**Required action**
Copy the entries exactly. Leave out any pictures.

**Material for this task**
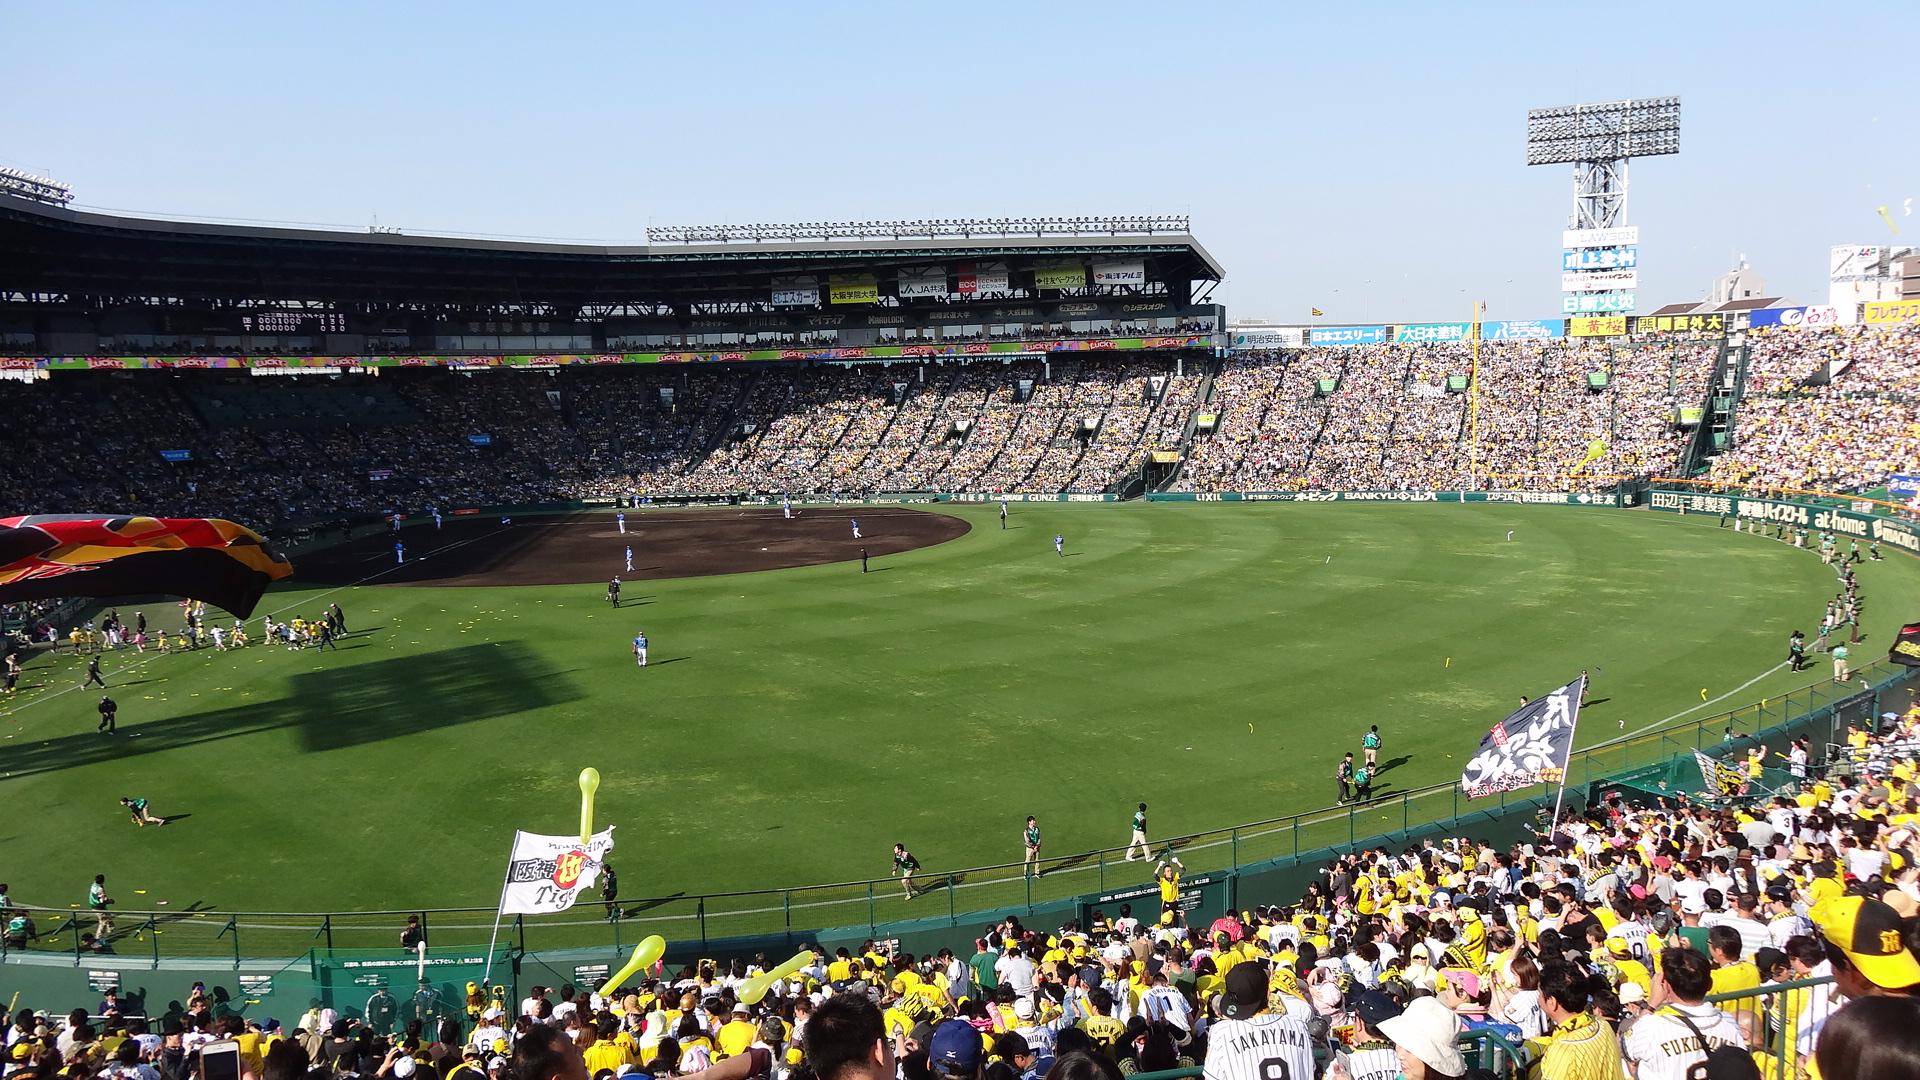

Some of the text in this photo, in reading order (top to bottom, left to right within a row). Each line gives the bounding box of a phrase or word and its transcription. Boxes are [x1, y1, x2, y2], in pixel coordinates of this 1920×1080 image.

[1580, 230, 1635, 243] LAWSON
[1042, 275, 1086, 286] 住友ベークライト
[831, 290, 877, 299] 大阪学院大学
[917, 285, 946, 294] JA共済
[783, 290, 819, 303] エスカーサ
[1586, 318, 1623, 334] 黄桜
[1247, 334, 1301, 344] 明治安田生命
[1312, 329, 1385, 342] 日本エスリード
[1403, 325, 1463, 341] 大日本塗料
[950, 493, 985, 502] 大和証券
[1028, 494, 1060, 502] GUNZE
[1196, 493, 1222, 501] LIXIL
[1294, 492, 1338, 502] オービック
[1344, 492, 1438, 502] SANKYU 山九
[1592, 494, 1616, 504] 住友
[1651, 492, 1732, 514] 田辺三菱製薬
[1737, 500, 1809, 525] 東進ハイスクール
[515, 860, 557, 881] 阪神
[1632, 942, 1644, 961] 0
[1162, 995, 1173, 1011] 1
[480, 1038, 490, 1051] 6
[1230, 1029, 1305, 1054] TAKAYAMA

**Result**
Some of the text in this photo, in reading order (top to bottom, left to right within a row). Each line gives the bounding box of a phrase or word and its transcription. Boxes are [x1, y1, x2, y2], in pixel coordinates of this 1920×1080 image.

[1580, 230, 1635, 243] LAWSON
[1042, 275, 1086, 286] 住友ベークライト
[831, 290, 877, 299] 大阪学院大学
[917, 285, 946, 294] JA共済
[783, 290, 819, 303] エスカーサ
[1586, 318, 1623, 334] 黄桜
[1247, 334, 1301, 344] 明治安田生命
[1312, 329, 1385, 342] 日本エスリード
[1403, 325, 1463, 341] 大日本塗料
[950, 493, 985, 502] 大和証券
[1028, 494, 1060, 502] GUNZE
[1196, 493, 1222, 501] LIXIL
[1294, 492, 1338, 502] オービック
[1344, 492, 1438, 502] SANKYU 山九
[1592, 494, 1616, 504] 住友
[1651, 492, 1732, 514] 田辺三菱製薬
[1737, 500, 1809, 525] 東進ハイスクール
[515, 860, 557, 881] 阪神
[1632, 942, 1644, 961] 0
[1162, 995, 1173, 1011] 1
[480, 1038, 490, 1051] 6
[1230, 1029, 1305, 1054] TAKAYAMA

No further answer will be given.